----- RECORDS -----

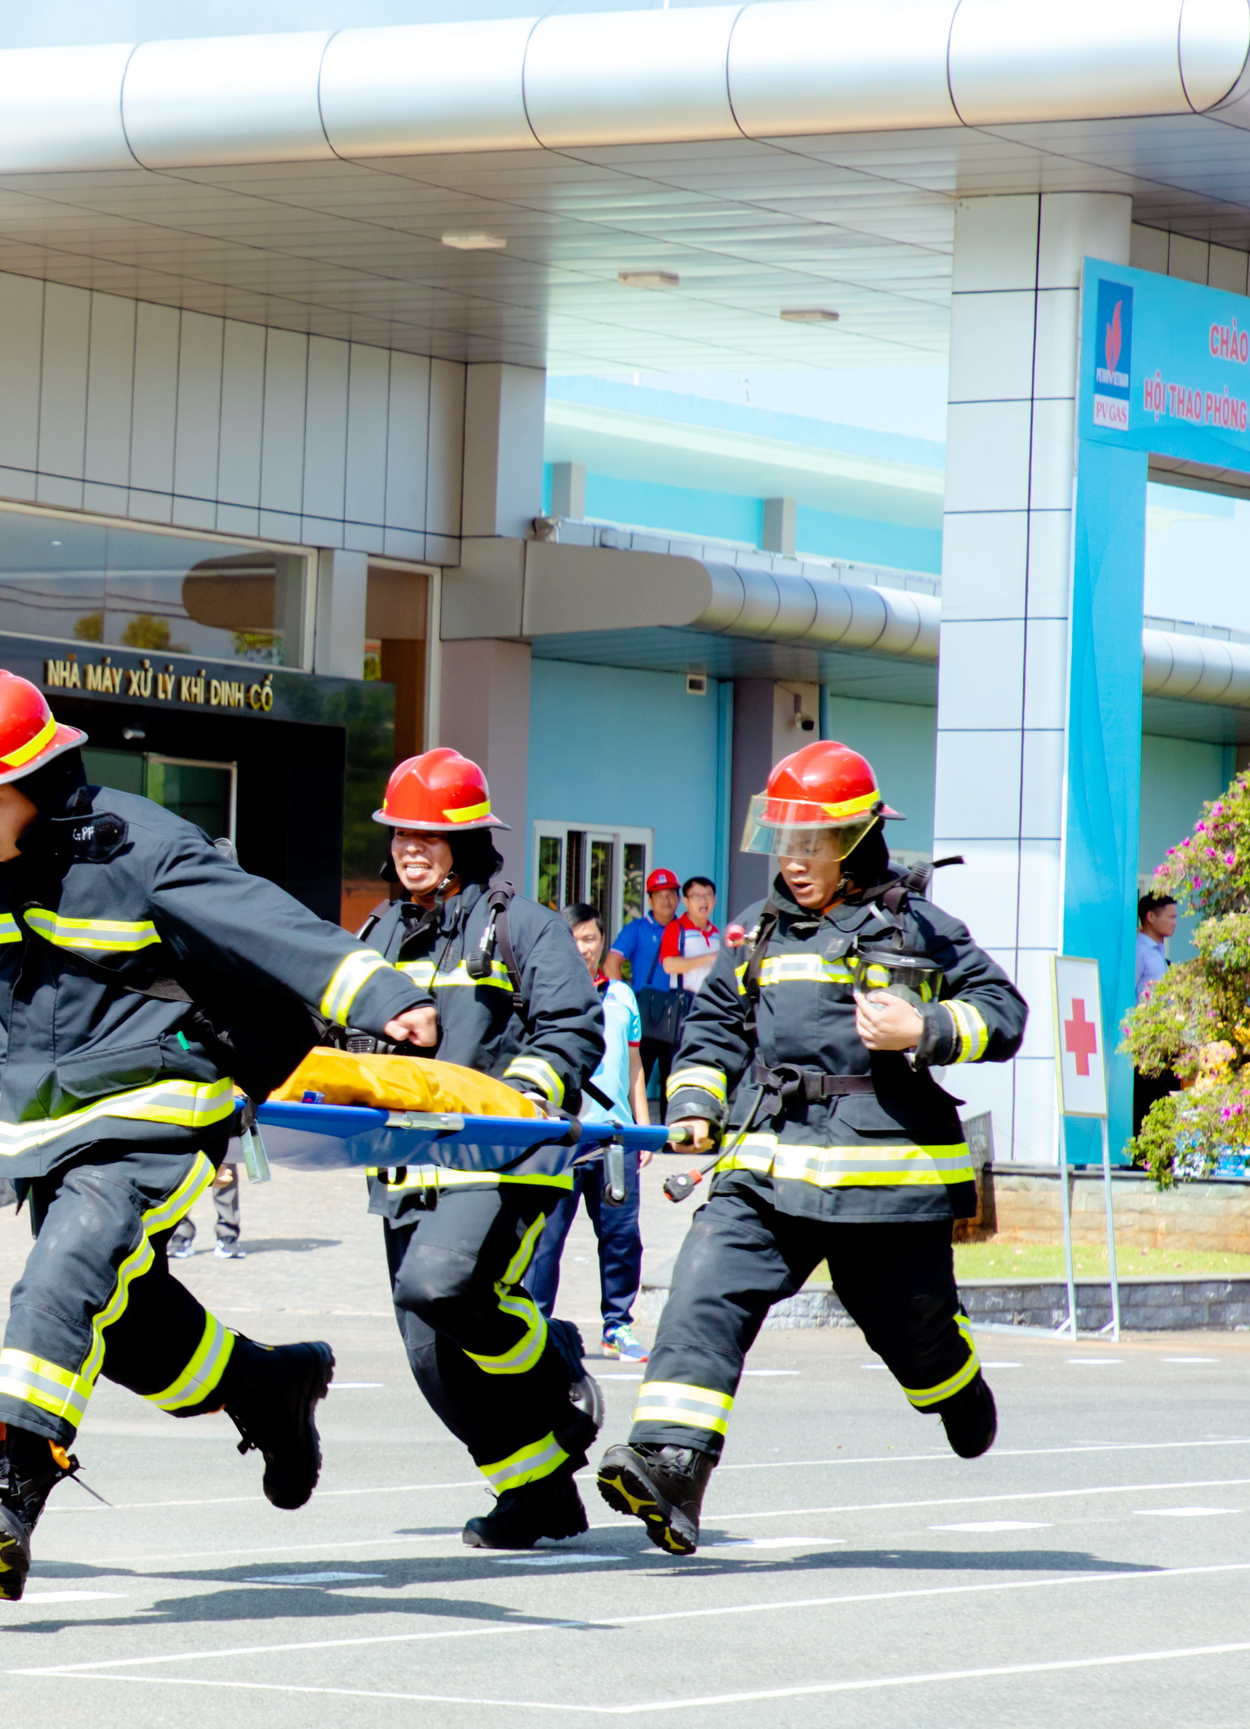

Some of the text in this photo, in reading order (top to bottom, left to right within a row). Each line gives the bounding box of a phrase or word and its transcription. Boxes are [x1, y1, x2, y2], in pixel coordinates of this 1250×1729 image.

[1210, 318, 1248, 363] CHÀO
[1096, 401, 1127, 423] PV GAS
[1144, 371, 1248, 431] HỘI THAO PHÒNG
[84, 657, 123, 694] MÁY
[157, 664, 176, 701] LÝ
[181, 669, 207, 704] KHÍ
[209, 679, 244, 708] DINH
[249, 673, 274, 712] CỐ

-----

- **WHAT YOU SHOULD DO**
Retype the records exactly. Any image in them should not appear in what you write.

- **EXERCISE RESULT**
Some of the text in this photo, in reading order (top to bottom, left to right within a row). Each line gives the bounding box of a phrase or word and its transcription. Boxes are [x1, y1, x2, y2], in pixel coordinates of this 1250×1729 image.

[1210, 318, 1248, 363] CHÀO
[1096, 401, 1127, 423] PV GAS
[1144, 371, 1248, 431] HỘI THAO PHÒNG
[84, 657, 123, 694] MÁY
[157, 664, 176, 701] LÝ
[181, 669, 207, 704] KHÍ
[209, 679, 244, 708] DINH
[249, 673, 274, 712] CỐ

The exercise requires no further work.